> _Prompt_: Please restate the entries below word for word, leaving out any pictures.
### Record excerpts ###
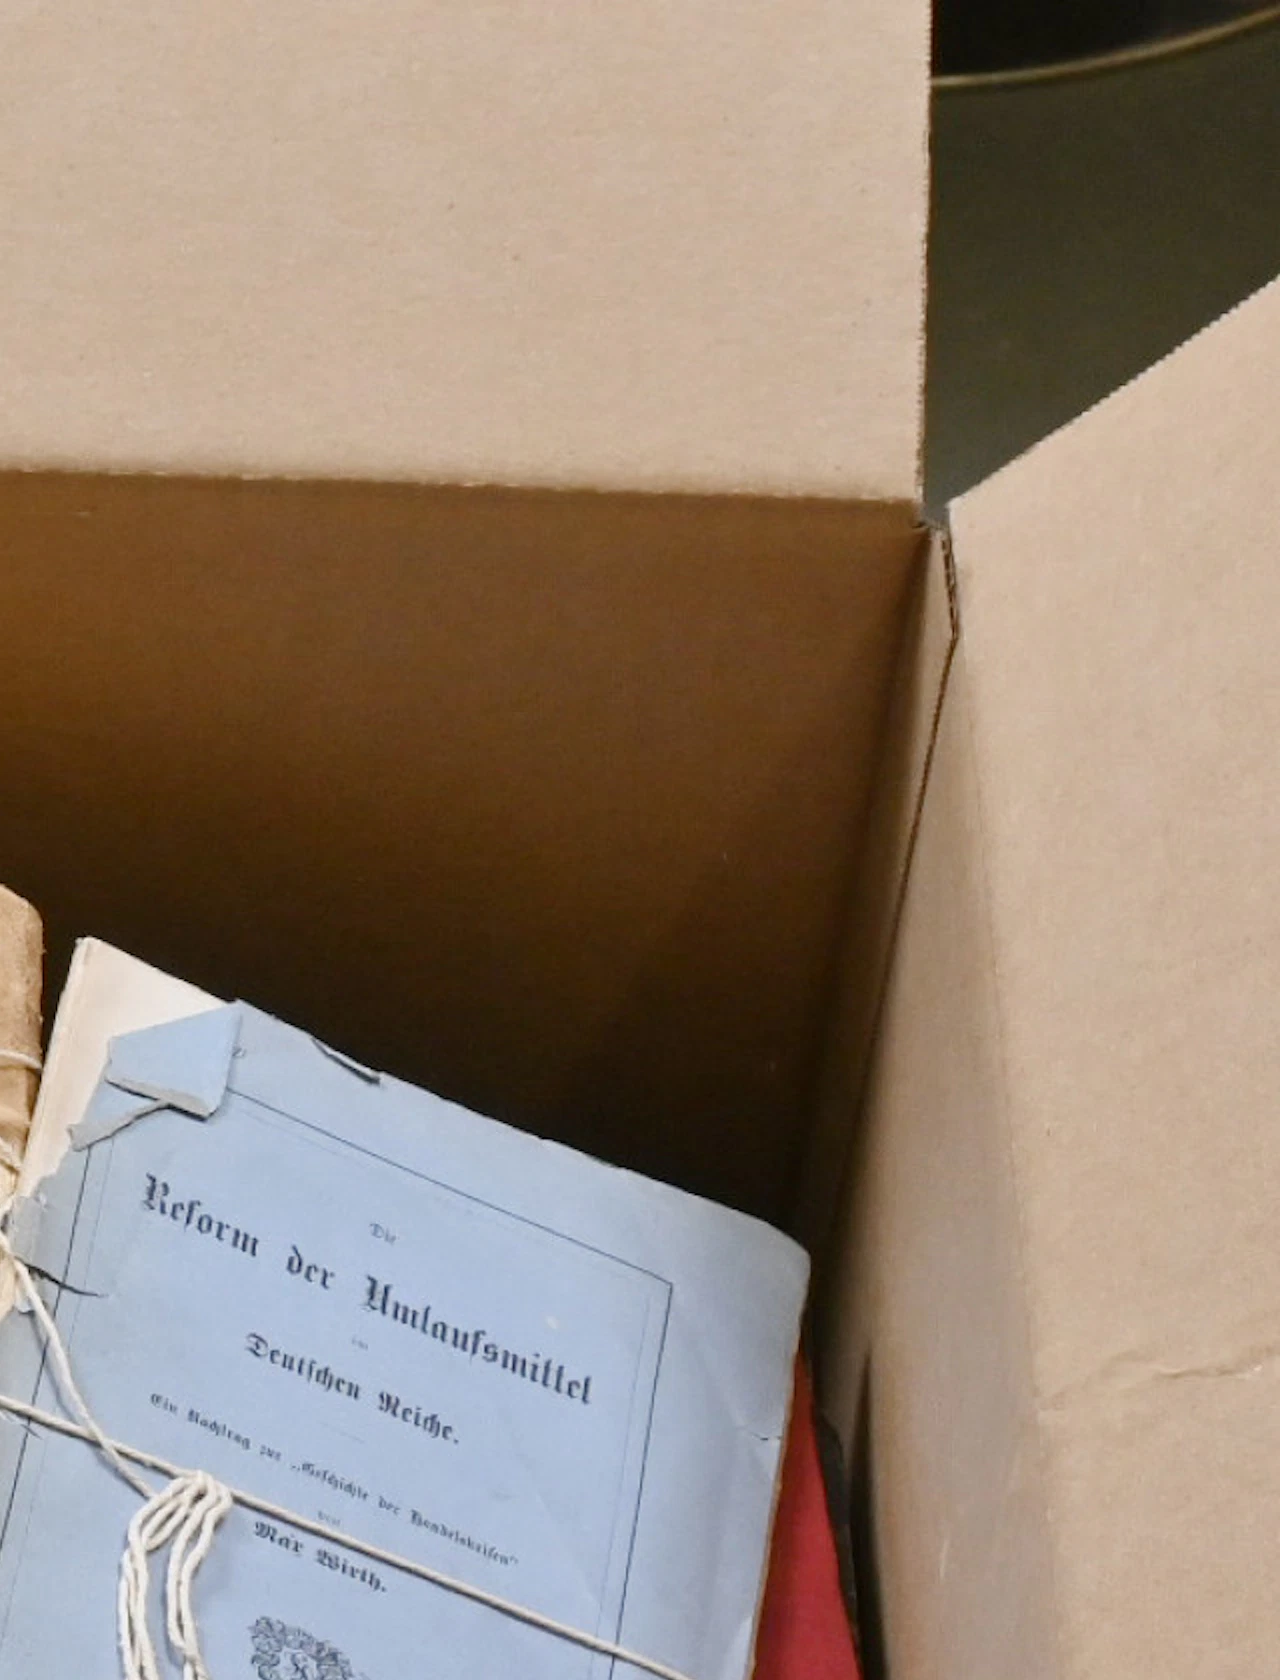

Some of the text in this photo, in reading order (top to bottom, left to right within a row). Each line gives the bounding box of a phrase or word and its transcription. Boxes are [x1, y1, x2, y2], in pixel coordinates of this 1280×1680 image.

[142, 1173, 260, 1258] Reform
[285, 1245, 336, 1290] der
[369, 1222, 398, 1246] Die
[378, 1390, 461, 1446] Reiche.
[149, 1392, 179, 1415] Ein
[186, 1408, 252, 1451] Nachtrag
[378, 1495, 401, 1516] der
[316, 1548, 389, 1595] Wirth.
###
> _Solution to this problem_:
Some of the text in this photo, in reading order (top to bottom, left to right within a row). Each line gives the bounding box of a phrase or word and its transcription. Boxes are [x1, y1, x2, y2], in pixel coordinates of this 1280×1680 image.

[142, 1173, 260, 1258] Reform
[285, 1245, 336, 1290] der
[369, 1222, 398, 1246] Die
[378, 1390, 461, 1446] Reiche.
[149, 1392, 179, 1415] Ein
[186, 1408, 252, 1451] Nachtrag
[378, 1495, 401, 1516] der
[316, 1548, 389, 1595] Wirth.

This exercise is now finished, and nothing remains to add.